Alejandro Suárez Sánchez-Ocaña escribió en 2011 'Desnudando a Google', un libro muy crítico sobre el gigante de Mountain View que en 2016 retoma actualidad.

Eric Schmidt, presidente de Google, saluda a Felipe de Borbón en presencia de James Costos, embajador norteamericano
Eric Schmidt, presidente de Google, saluda a Felipe de Borbón en presencia de James Costos, embajador norteamericano EUROPA PRESS

Google volvió esta semana a la actualidad tras amenazarle la Comisión Europea con una multa millonaria por supuesto abuso de dominio de su buscador. Alabado por la mayoría y con beneficios crecientes, una minoría se mantiene sin embargo muy crítica con el gigante de Mountain View. Es el caso de Alejandro Suárez, quien escribió en 2011 'Desnudando a Google' y que está convencido de que, un lustro después, sus predicciones (Google tendría problemas de competencia y de elusión fiscal) se han cumplido. Y quiere abrir los ojos sobre la, a su juicio, verdadera naturaleza de Google.
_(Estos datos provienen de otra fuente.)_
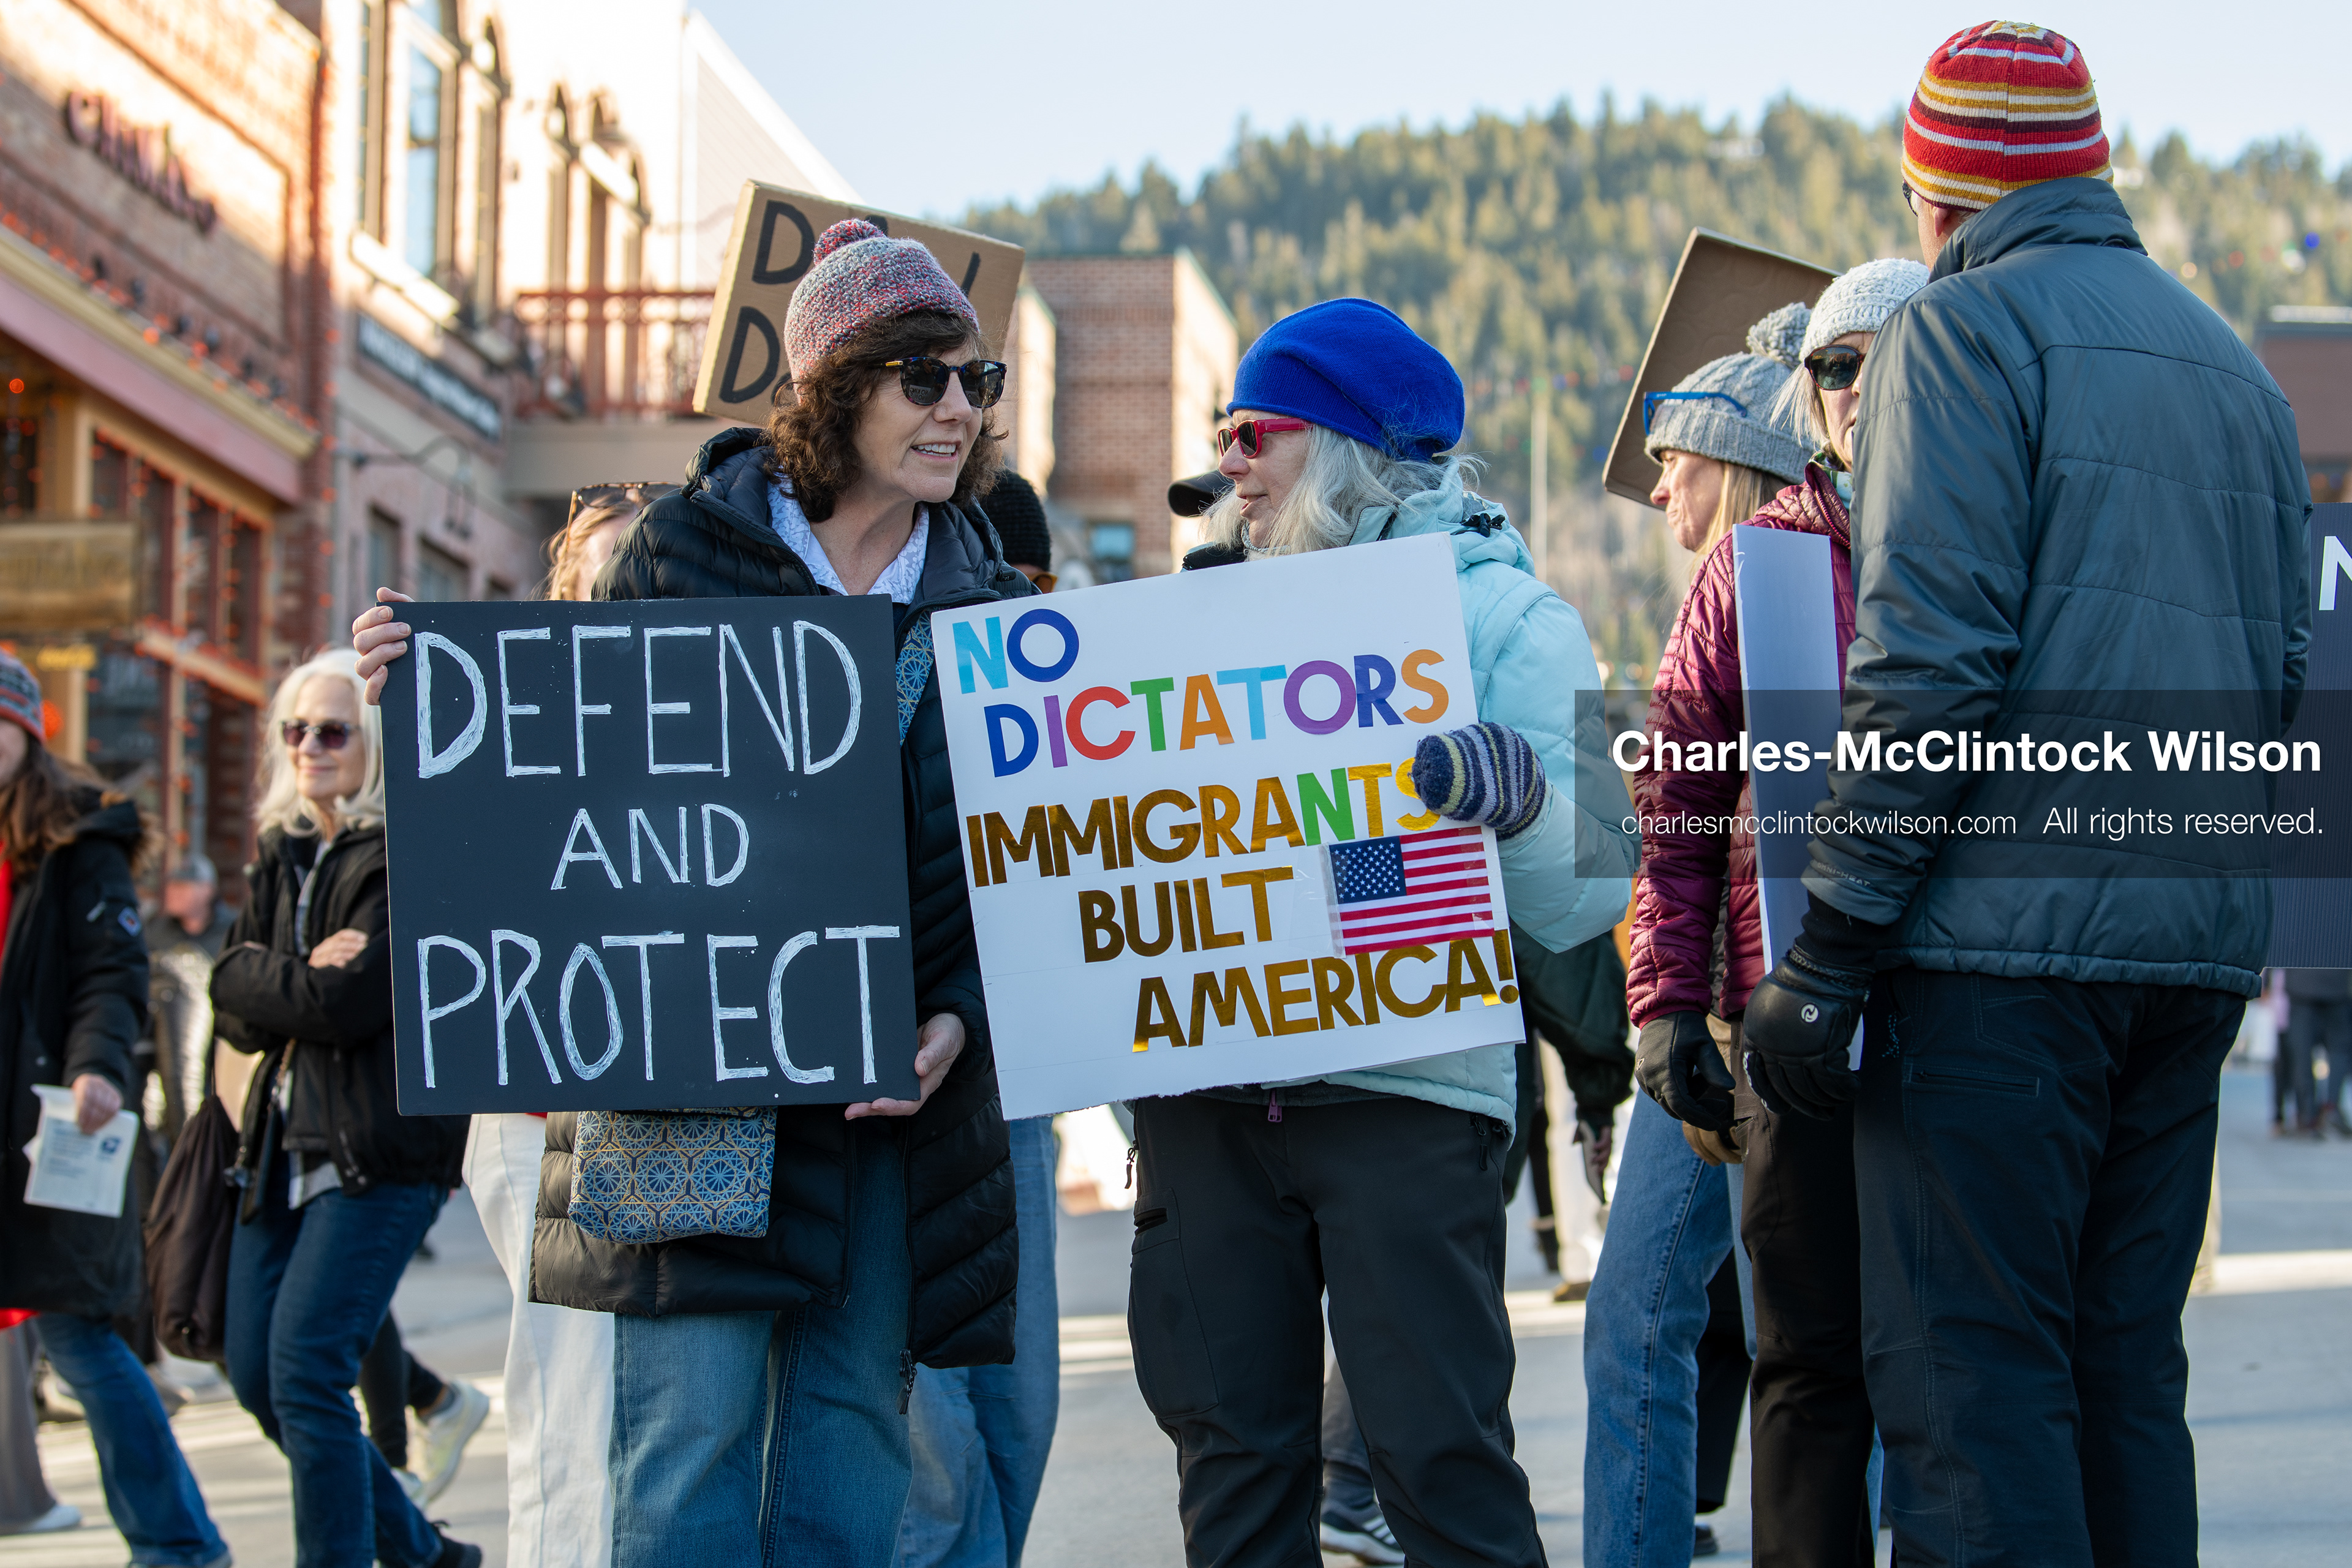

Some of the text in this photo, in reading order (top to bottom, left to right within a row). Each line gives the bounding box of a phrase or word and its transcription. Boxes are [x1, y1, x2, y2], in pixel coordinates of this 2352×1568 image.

"Empecé a trabajar como cliente cuando Google tenía 60 o 70 personas y no tenía oficina en España", cuenta a Vozpópuli en conversación telefónica. "Conozco la compañía desde los inicios y he vivido esa deriva de como era una compañía con el foco en la innovación con todo lo que ello representa a convertirse en un gigante cambiando las normas y la identidad que habían tenido. Hace 10-12 años sacaron Gmail, Chrome, Street View, Maps y Calendar en muy poco tiempo, avances que nos han cambiado la vida a todos y han sido fantásticos. Pero desde entonces su deriva es hacia abajo. El propio Larry Page -creador de la compañía- se queja de que se ha perdido el espíritu de startup innovador que a medida que se convierte en una gran corporación. De 800 empleados a 26.000 en pocos años. Difícil mantener esa innovación".

"El 95% de los ingresos de Google vienen de la publicidad"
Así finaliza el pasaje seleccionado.